Last summer, my appetite for quantifying my finances intersected with my food-procurement habits to yield a math exercise: How much of my Amazon Prime membership was I chipping away with these discounts at Whole Foods?
The Seattle retail leviathan’s 2017 purchase of the Austin-based grocery chain consolidated a large portion of my annual consumer spend at one company. It also gave me a new set of benefits for the Amazon Prime membership my wife and I have had since 2011: an extra 10% off sale items except beer and wine, plus some Prime-only deals.

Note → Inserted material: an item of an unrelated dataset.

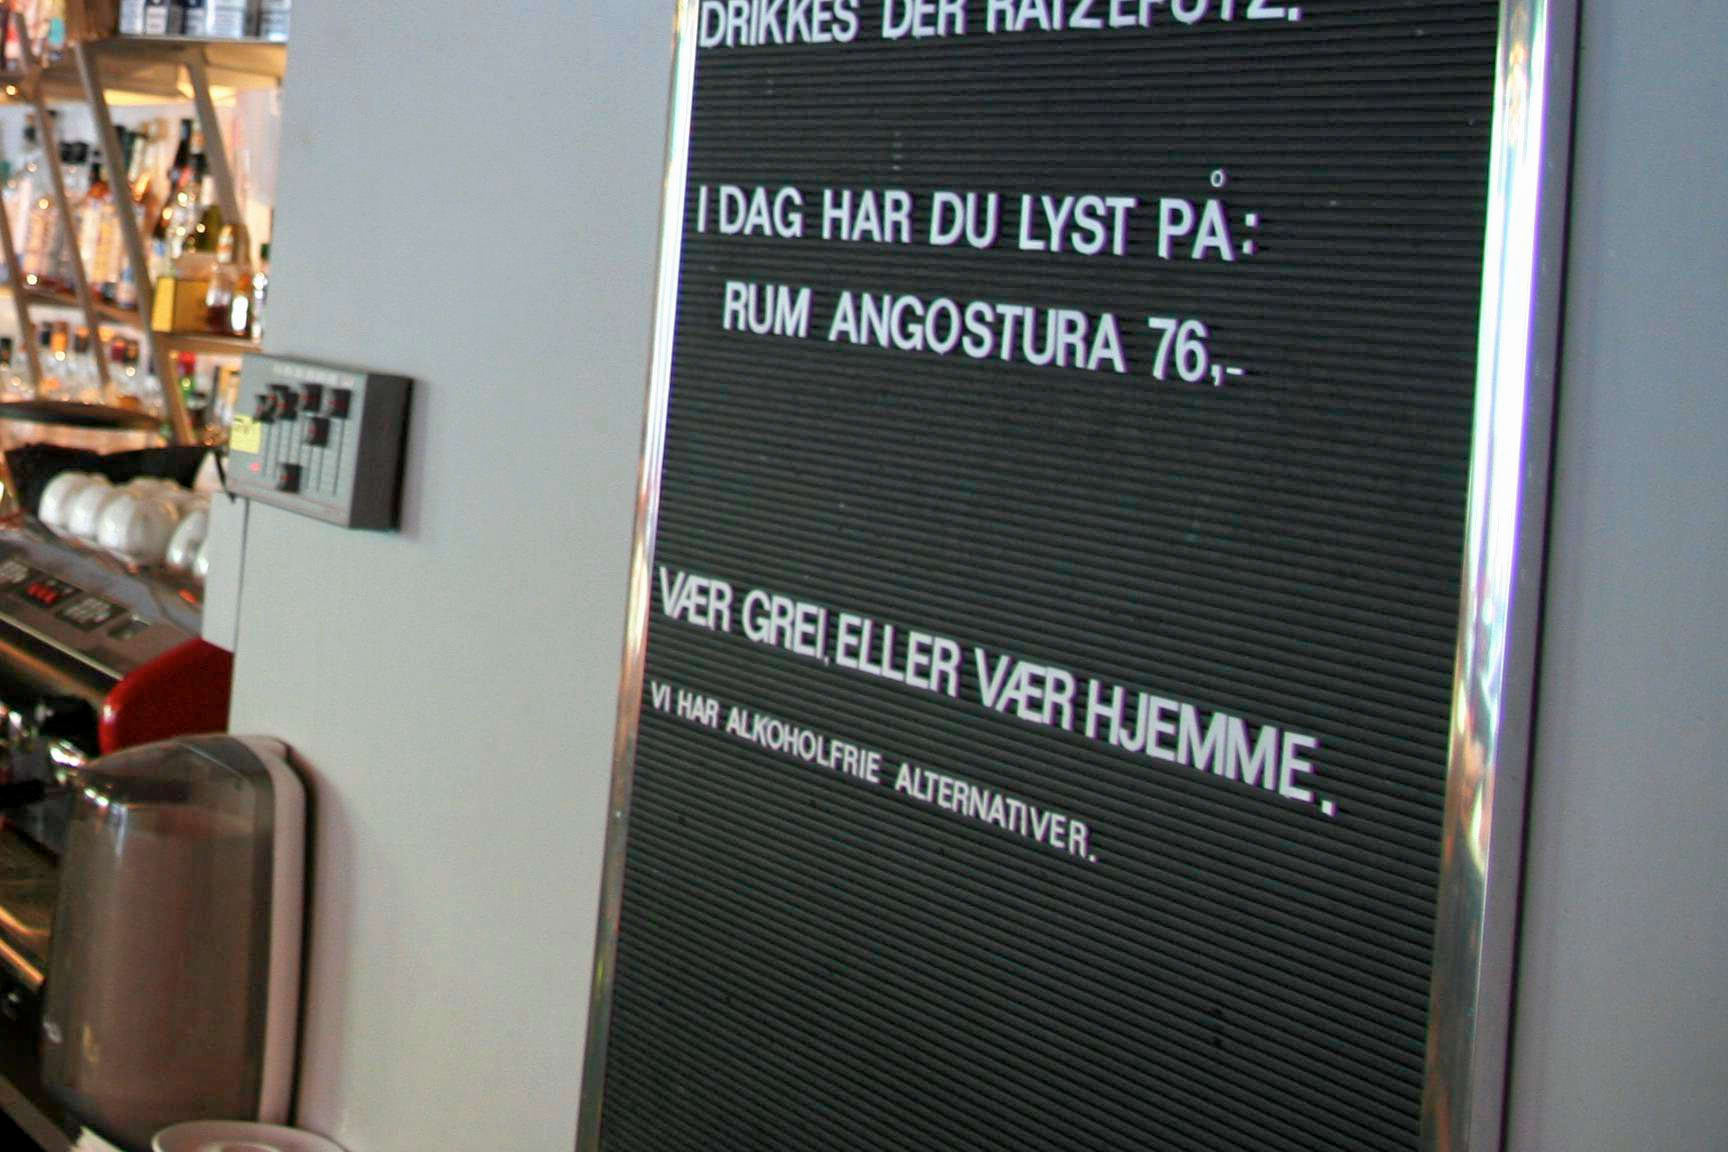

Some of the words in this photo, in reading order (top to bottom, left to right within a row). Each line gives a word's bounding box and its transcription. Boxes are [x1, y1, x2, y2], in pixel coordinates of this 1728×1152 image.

(Personal-finance FYI: Amazon also touts getting 5% cash back at Whole Foods on its credit card, but the American Express Blue Cash Preferred offers 6% back on all grocery stores. That higher rate combined with Amex Offers for rebates at designated merchants easily erases the card’s $95 annual fee and returns more money than I’d get from Amazon’s card.)
So on my way out of Whole Foods, I created a new Google Docs spreadsheet on my phone and jotted down the Prime savings called out on my receipt. Then I did the same thing after subsequent visits. If Whole Foods and Amazon were going to track my shopping habits (which I assume they could from seeing the same credit card even if I didn’t scan in the QR code in the Amazon app at the checkout), I ought to do likewise.

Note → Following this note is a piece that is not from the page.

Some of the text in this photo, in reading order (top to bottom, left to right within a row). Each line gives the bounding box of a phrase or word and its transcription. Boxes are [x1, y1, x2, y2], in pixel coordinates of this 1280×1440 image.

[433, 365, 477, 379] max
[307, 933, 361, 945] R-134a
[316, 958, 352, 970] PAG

Aside from $10-and-change savings during last July’s Prime Day promotion and again on roses for Valentine’s Day, most of these 41 transactions yielded $4 or less in Prime discounts. But after a year, they added up to $118.14, just 86 cents less than the $119 Prime annual fee.
To answer the obvious question: No, I did not step up my Whole Foods visits because of this tie-in. That place does happen to be the closest almost-full-spectrum grocery store to my home, but there’s a Trader Joe’s barely further away that trades a smaller selection for cheaper pricing on staples like milk and flour. And thanks to this dorky habit of mine, I can tell that I’ve shifted more of my business from WF to TJ’s the past few months.